„Fertige Vorstellungen können zwingen“, sagte er. „Doch kannst du üben, selbst der Vorstellende zu sein; wie zum Beispiel in der Kunst. Hier, der Michael, der zwingt dich nicht, der kann dir helfen. In ihm liegen so viele Geheimnisse, die du finden kannst, dass du deine Vorstellungsgabe selbst aktivieren musst. Nimm deine Vorstellungen, gestalte sie und habe Mut, sie mit diesem Bild verständig zu verbinden. In der Kunst werden dir die Vorstellungen nicht mitgeliefert. In der Kunst wirst du aufgerufen, dir die Vorstellungen selbst zu bilden. Und wenn es gute Kunst ist, so werden es auch gute Vorstellungen sein. Nur musst du sie auch haben wollen . – Stell dir in ihm, in dem Michael, dich selbst in der Freiheit des Denkens vor. Niemand zwingt dich, niemand lockt dich, niemand stellt sich auf deinen Platz. Hast du die Kraft dir das vorzustellen, so hast du den ersten Schritt zu deiner Heilung getan.

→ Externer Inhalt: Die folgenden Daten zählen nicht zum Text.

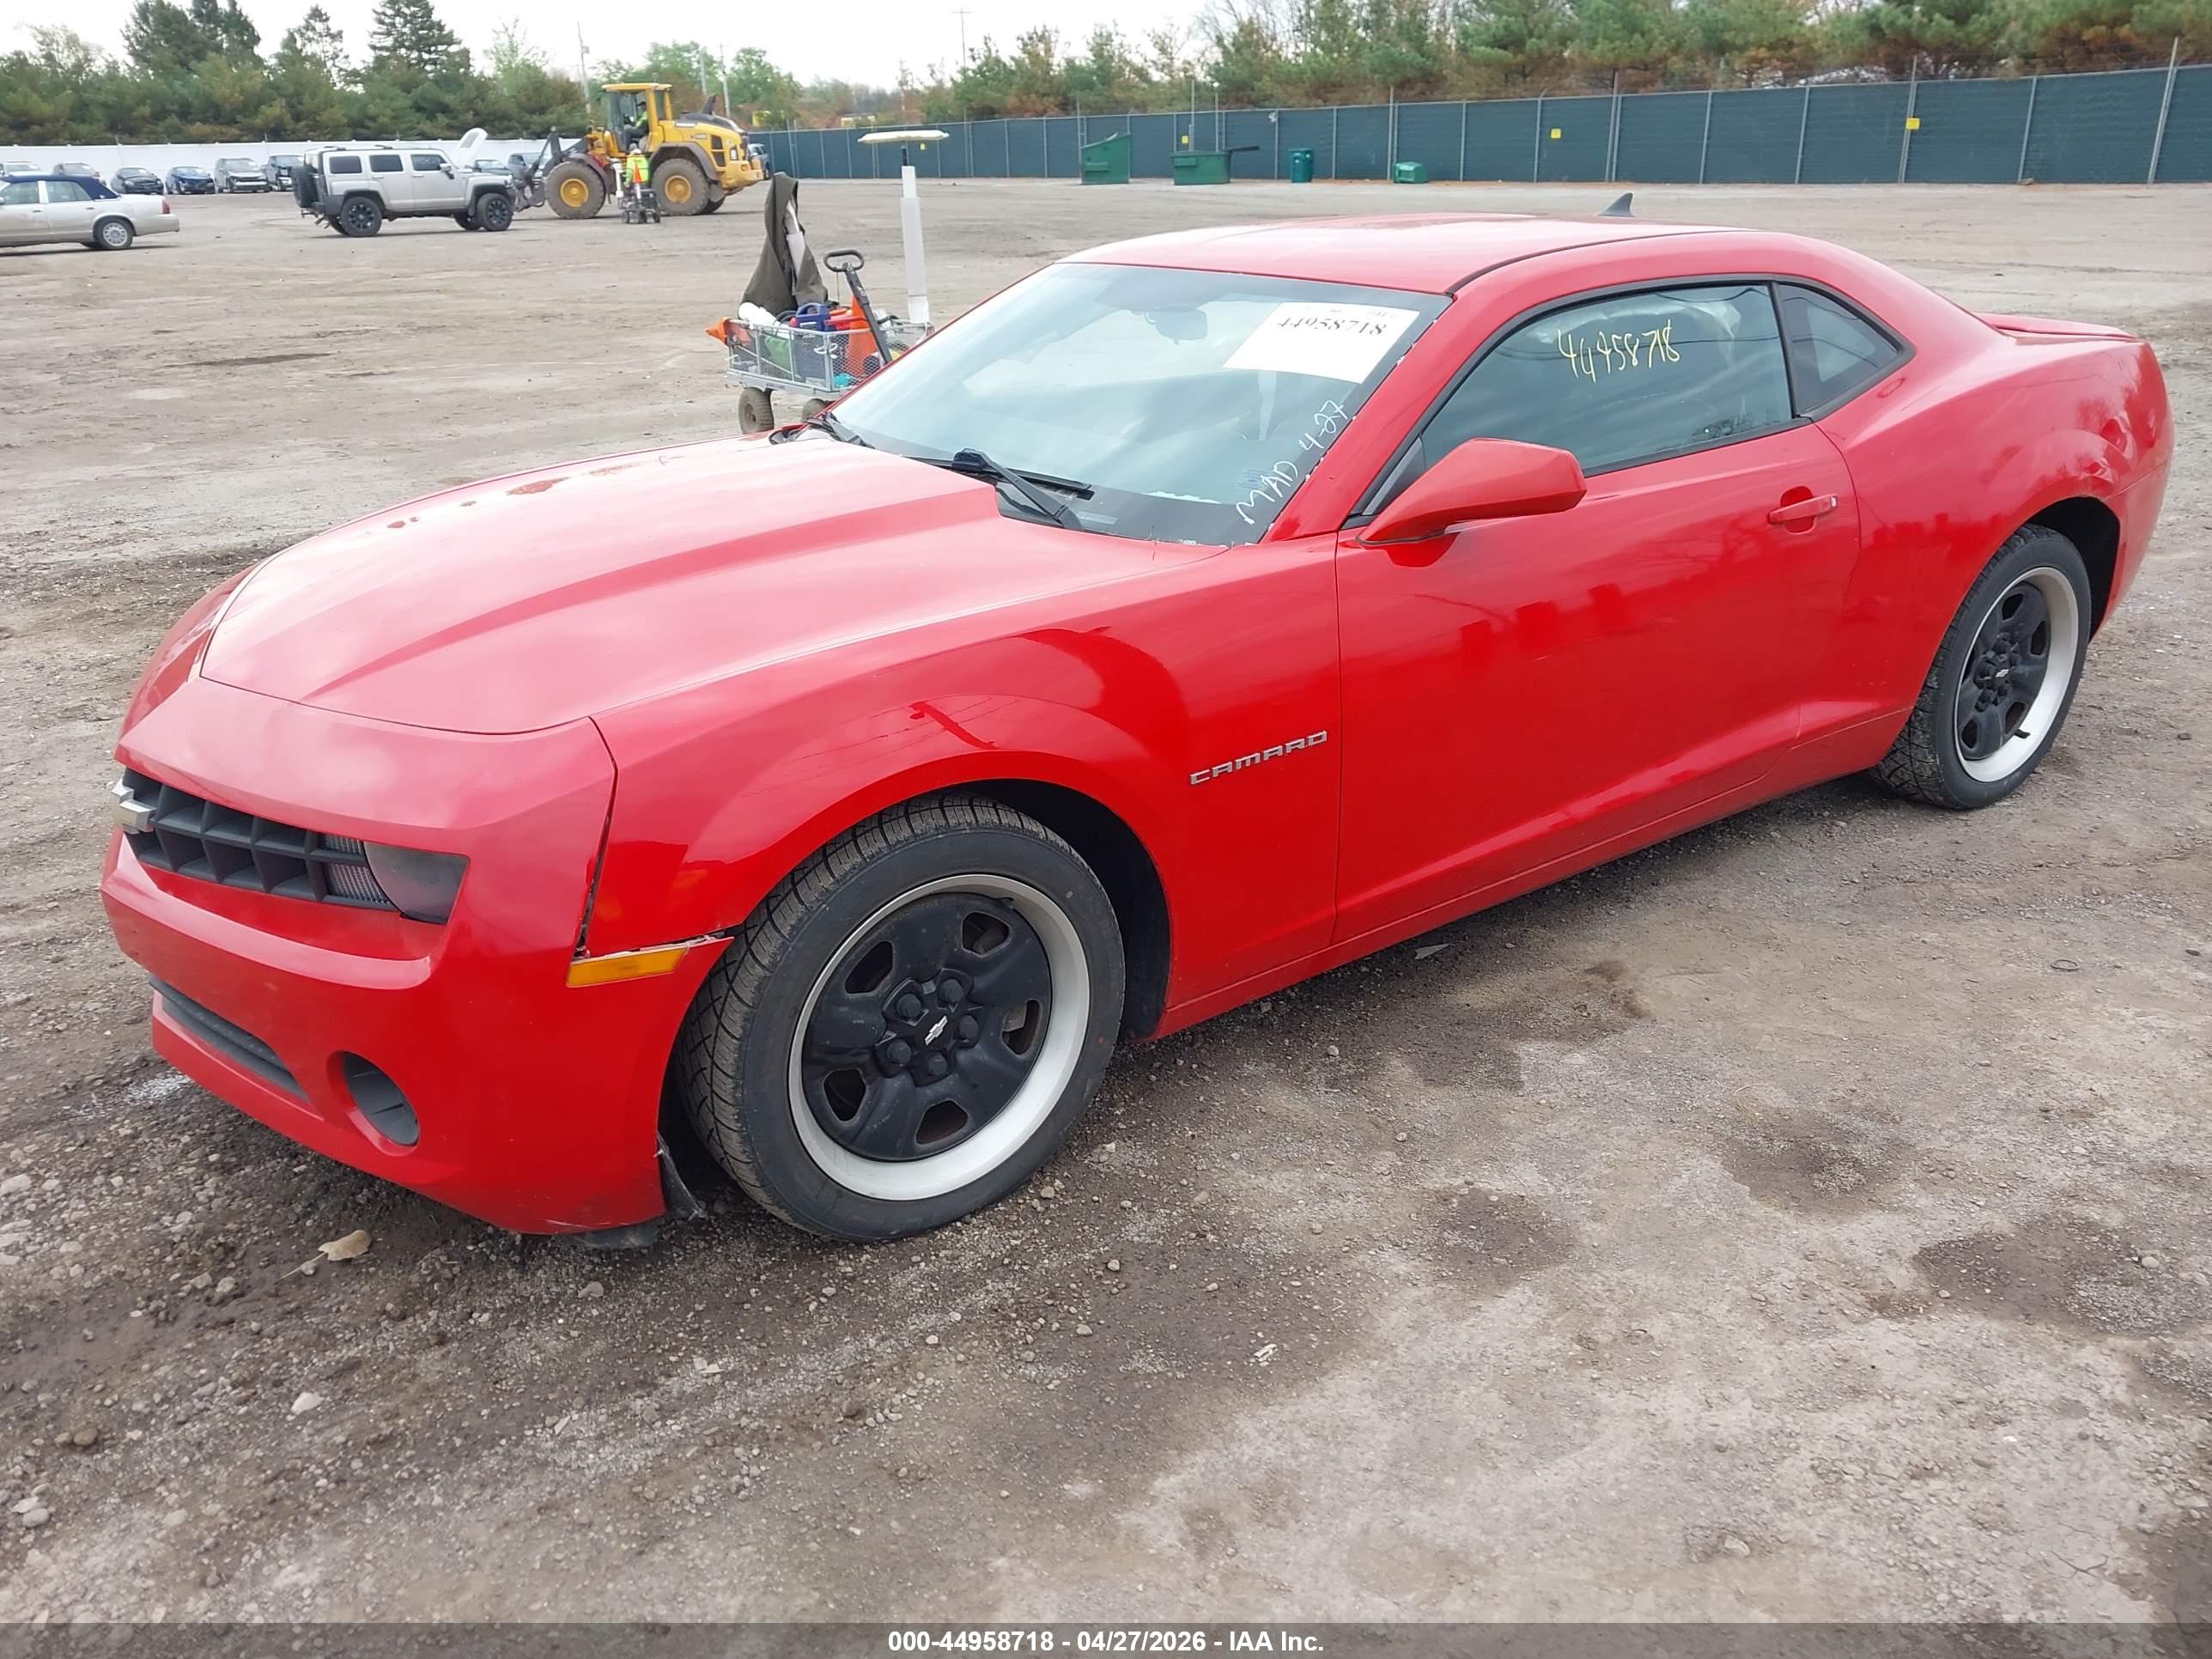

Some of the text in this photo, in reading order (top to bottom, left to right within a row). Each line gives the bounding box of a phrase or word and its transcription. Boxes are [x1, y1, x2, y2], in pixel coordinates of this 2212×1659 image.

Bedenke, wie Michael schaut: nicht auf das Böse, sondern ins Licht. Immer und immer wieder lassen sich die Menschen vom Bösen beherrschen, indem sie es betrachten und betrachten. Darüber freut er sich und hält sie fest in seinem Bann. – Schau nach vorne, Johannes, schau nicht auf das, was dich belastet, sondern auf das, was du in deinem Herzen werden willst .“
Ich schwieg und versuchte zu verstehen, was er meinte. Schaute ich in dem schrecklichen Gesicht wirklich nur das Böse in mir selbst? Fesselte es mich an sich, um mich zu besitzen? Durfte ich es einfach so vergessen und ignorieren? War ich nicht gerade dann ein leichtes Opfer? Und als wenn Bruder Aurelius meine Gedanken gelesen hätte, sagte er:
„Das Licht des Denkens geht verschiedene Wege. Es kann sich fesseln lassen von den Dingen, die es belasten – und zerbricht. Oder aber es findet die Kraft, sich selbst in Liebe zu tragen – und zu gesunden. Du bist das Licht – Johannes, du bist aber auch die Dunkelheit. Erfahre dich zwischen beiden.“
Ich schaute auf den leuchtenden Erzengel Michael, der das Böse von sich wies, ohne es anzuschauen, und wollte mich mit ihm identifizieren. Aber schon das Nachdenken darüber, hielt sich – in meinem jetzigen Zustand – an das Chaos des Nichtverstehens. Das Ergreifen der Wahrheit im Lichte des freien Geistes gelang mir nicht. Wie sollte es auch, da ich nie wirklich gelernt hatte, mein Denken in Liebe selbst zu tragen – mich selbst in Liebe zu tragen.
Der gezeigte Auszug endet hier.